Denise Shu Mei and Cait McLaughlin team up at the W/T/F Bicycle Repair and Maintenance Intensive for women/trans/non-binary identifying individuals. Photo: Kate Ryan

The early birds entered through the red door of Williamsburg’s Lutheran Church of St. John the Evangelist at 5:45pm. They descended a flight of stairs to a basement with tile floors, chairs stacked against the wall, the lingering smell of incense.

And a bike workshop.

“Take a sticker, and write your name and pronouns,” said Denise Shu Mei to newcomers.

One woman carefully printed “Erika” and “she/her” before sticking it to her shirt front.

 

This was the third and final class of Mechanical Gardens‘ inaugural W/T/F Bicycle Repair and Maintenance Intensive. The hands-on classes were open to women, trans persons, and non-binary individuals.

The waitlist for the series, which stands for Women/Trans/Femme, was long and the feedback has been overwhelmingly positive. Instructor Sera Stavroula said it will not be the last.

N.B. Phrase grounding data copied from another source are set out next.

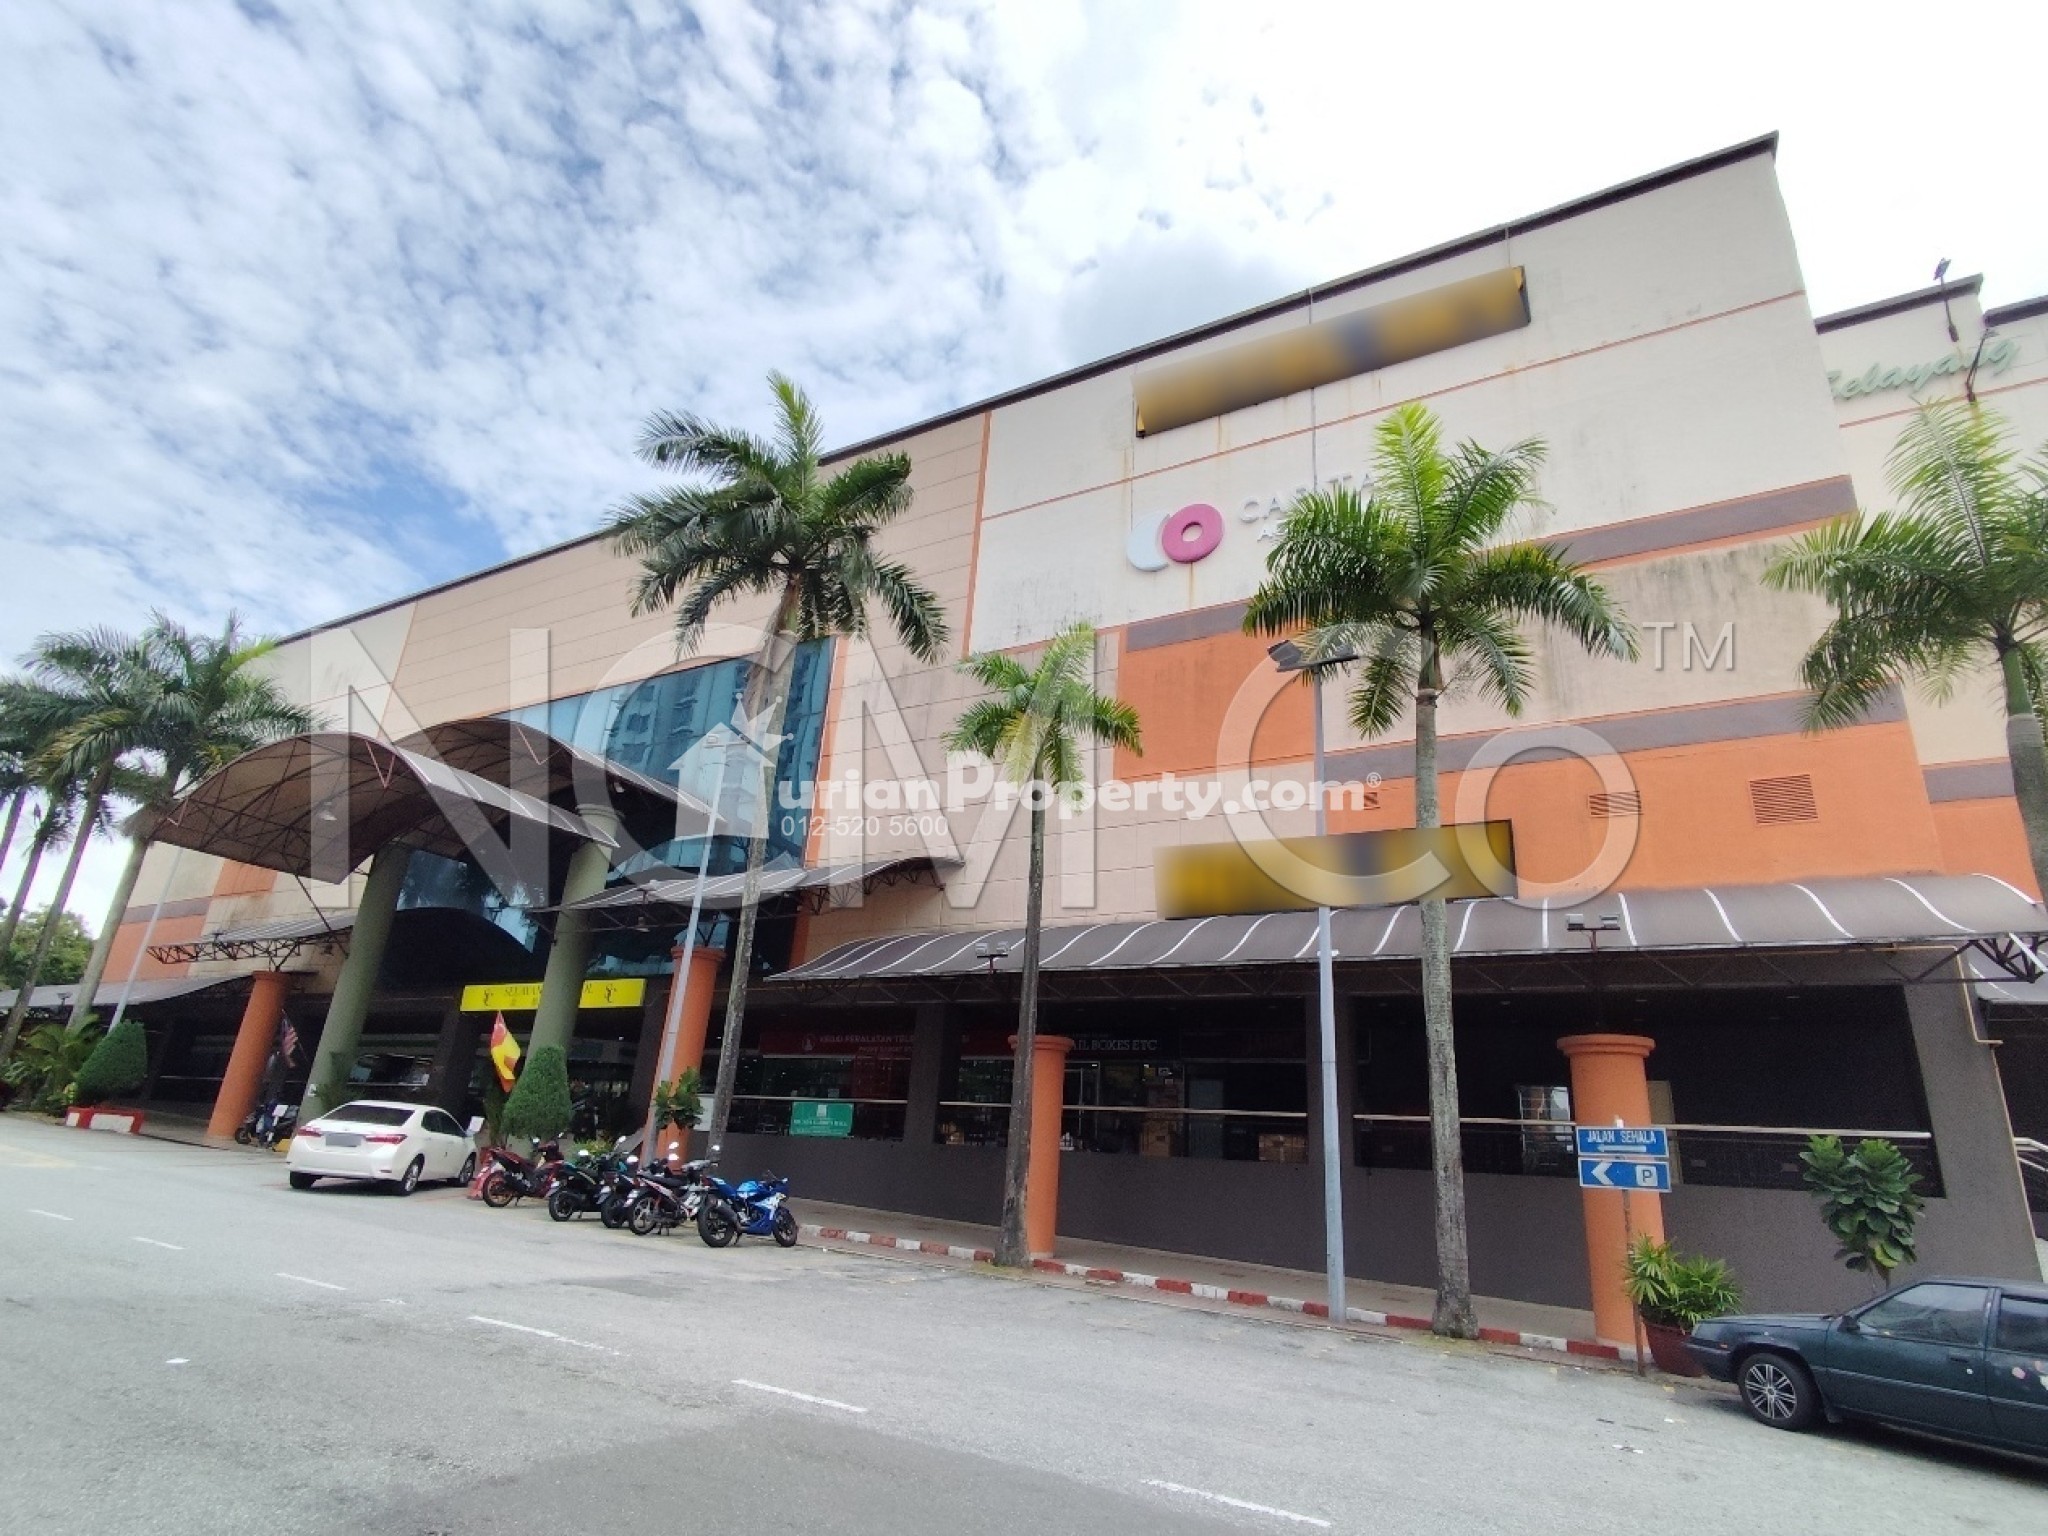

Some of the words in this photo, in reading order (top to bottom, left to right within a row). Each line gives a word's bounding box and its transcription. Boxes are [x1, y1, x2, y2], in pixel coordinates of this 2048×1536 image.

[1091, 1039, 1131, 1051] BOXES
[1132, 1039, 1158, 1051] ETC
[1587, 1130, 1615, 1143] JALAN
[1621, 1130, 1657, 1144] SEHALA
[1642, 1169, 1653, 1184] P

“People were excited that it wasn’t a 101 thing,” said Stavroula, 29. “There are classes like that: “Women’s Intro to Bikes,” “Women’s Intro to Riding,” “Women’s Intro to Flat Fix.” She said she wanted to offer something more challenging.

Erika Jozwiak ponders her maintenance options at class 3 of the W/T/F Bicycle Repair and Maintenance Intensive on March 29 at the Lutheran Church of St John the Evangelist in Brooklyn for women/trans/non-binary identifying individuals.

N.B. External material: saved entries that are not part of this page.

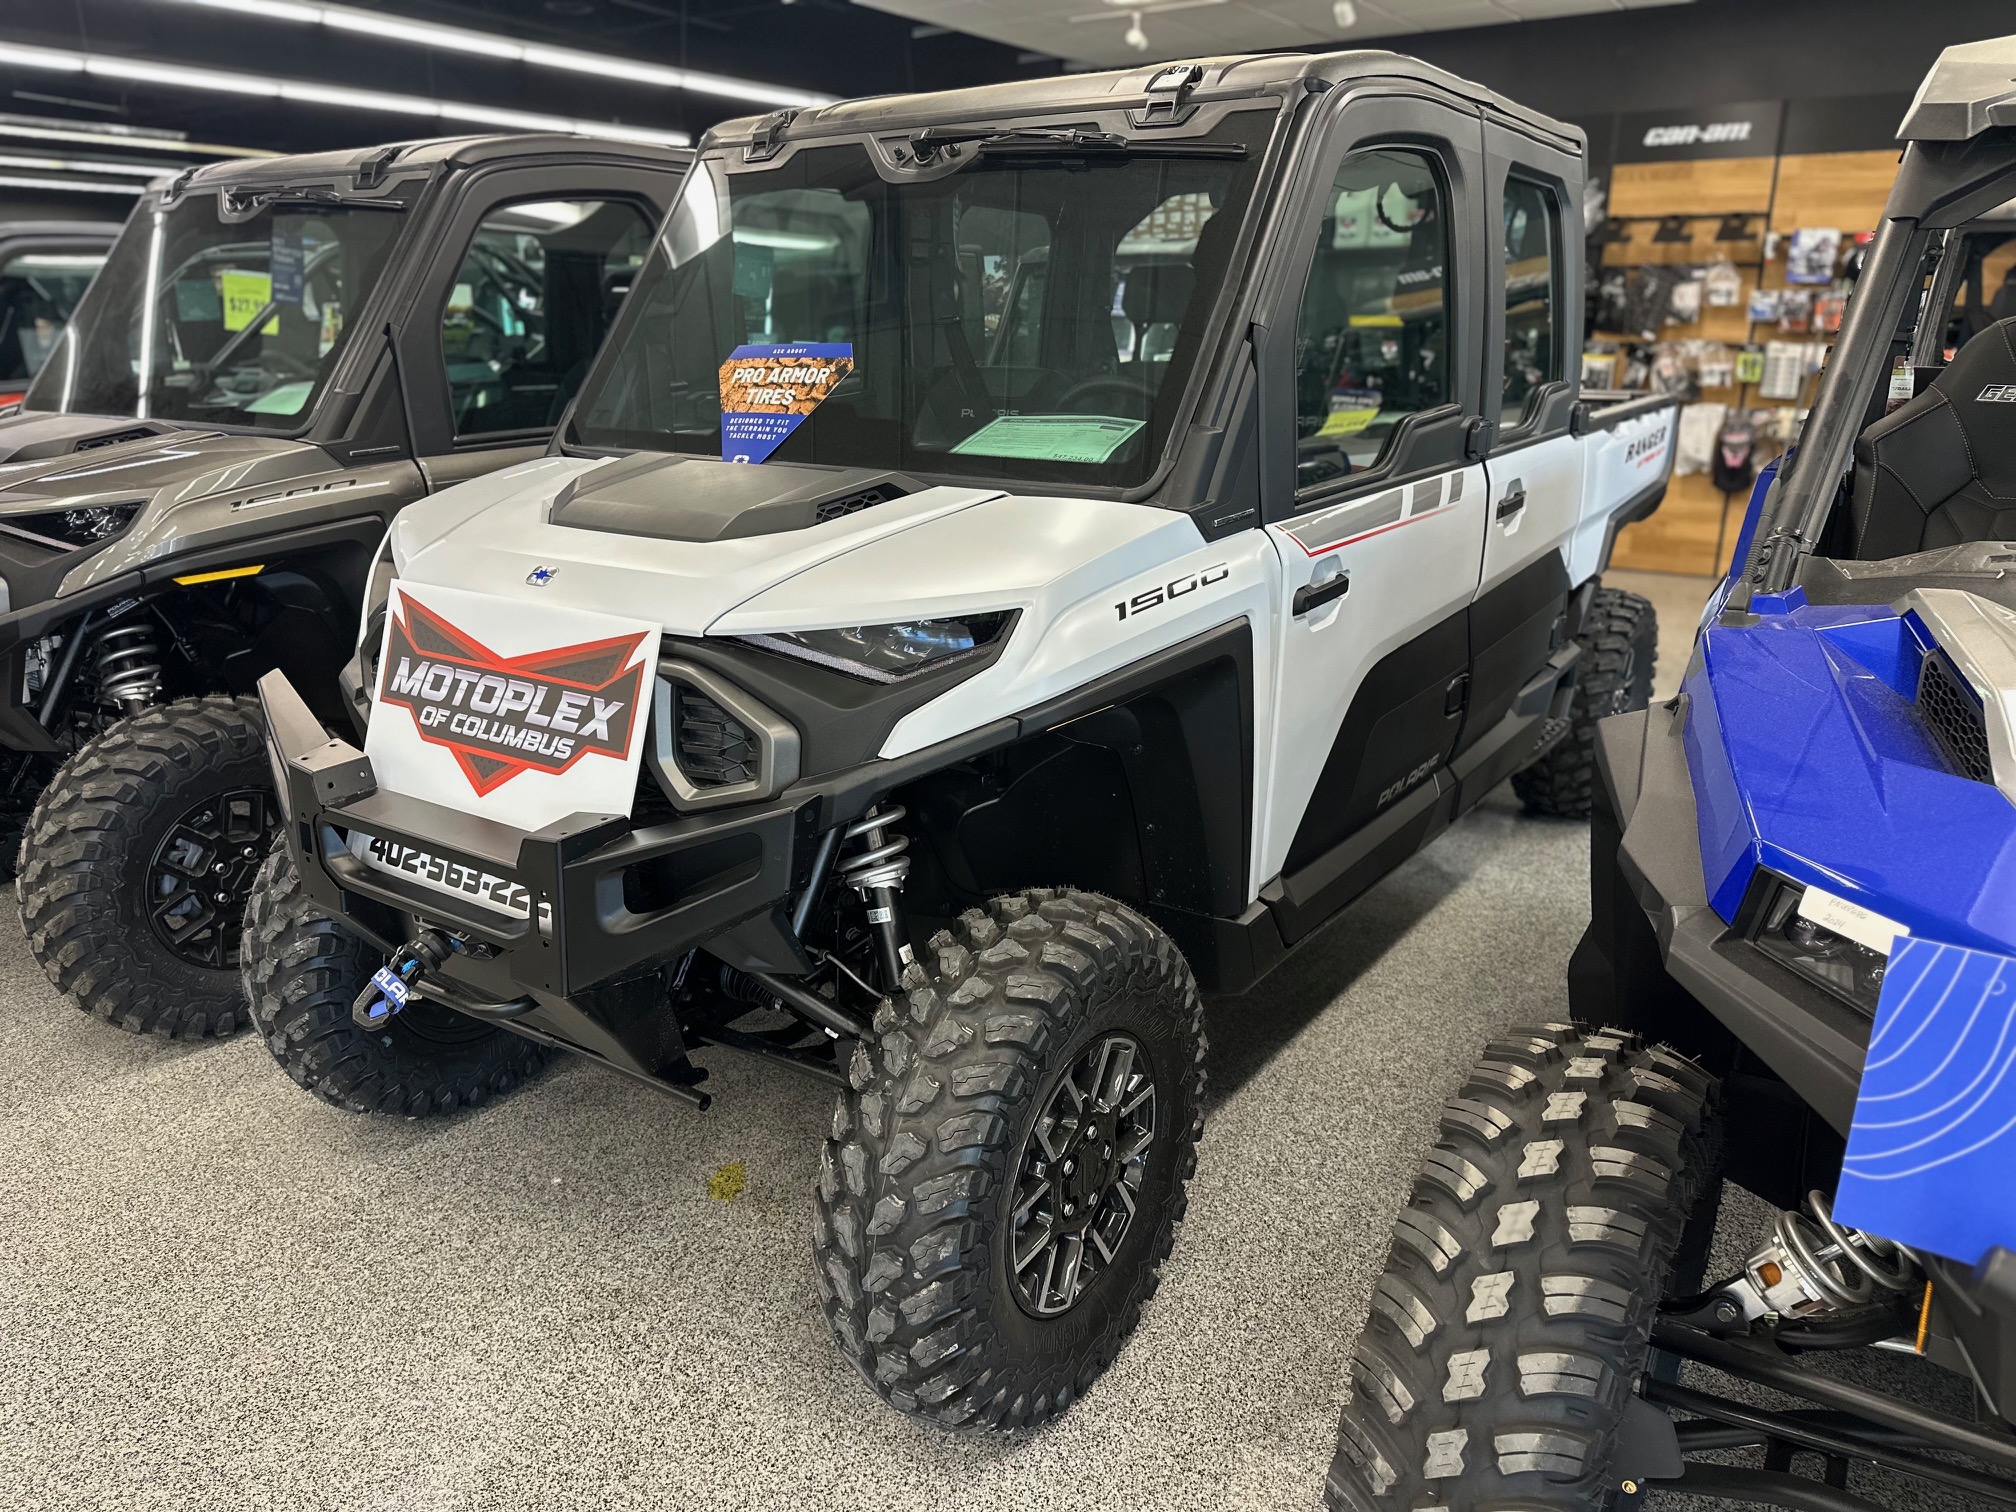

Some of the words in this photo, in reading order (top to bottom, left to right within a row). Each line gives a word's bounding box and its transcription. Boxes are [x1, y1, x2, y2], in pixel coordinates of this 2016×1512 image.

[1643, 121, 1752, 147] can-am
[731, 367, 766, 383] PRO
[766, 367, 831, 383] ARMOR
[745, 388, 796, 405] TIRES
[1625, 426, 1667, 464] RANGER
[1114, 562, 1229, 621] 1500
[390, 656, 625, 741] MOTOPLEX
[419, 706, 451, 728] OF
[450, 713, 576, 760] COLUMBUS
[1377, 753, 1440, 807] POLARIS

Erika Jozwiak ponders her maintenance options. Photo: Kate Ryan

Each night Stavroula focused on a different system, how it functioned, potential issues that might arise, warning signs, ways to fix the problem, and how much the repair should cost at a bike shop. She said students got their hands dirty and sized chains, recabled shifters, and changed tires and brake pads. They learn to diagnose and fix problems, and if they need to take their bike into the shop, this class should demystify the process.

Stavroula, who has worked with bikes for six years, was the first female mechanic at a pro-shop in Richmond, VA. Today she works as the Bike to School coordinator and a mechanic at Recycle-a-Bicycle in Dumbo.

“You go into a bike shop and it’s a lot of guys,” said Stavroula. “It’s hard to access that space if you don’t have experience.” (more…)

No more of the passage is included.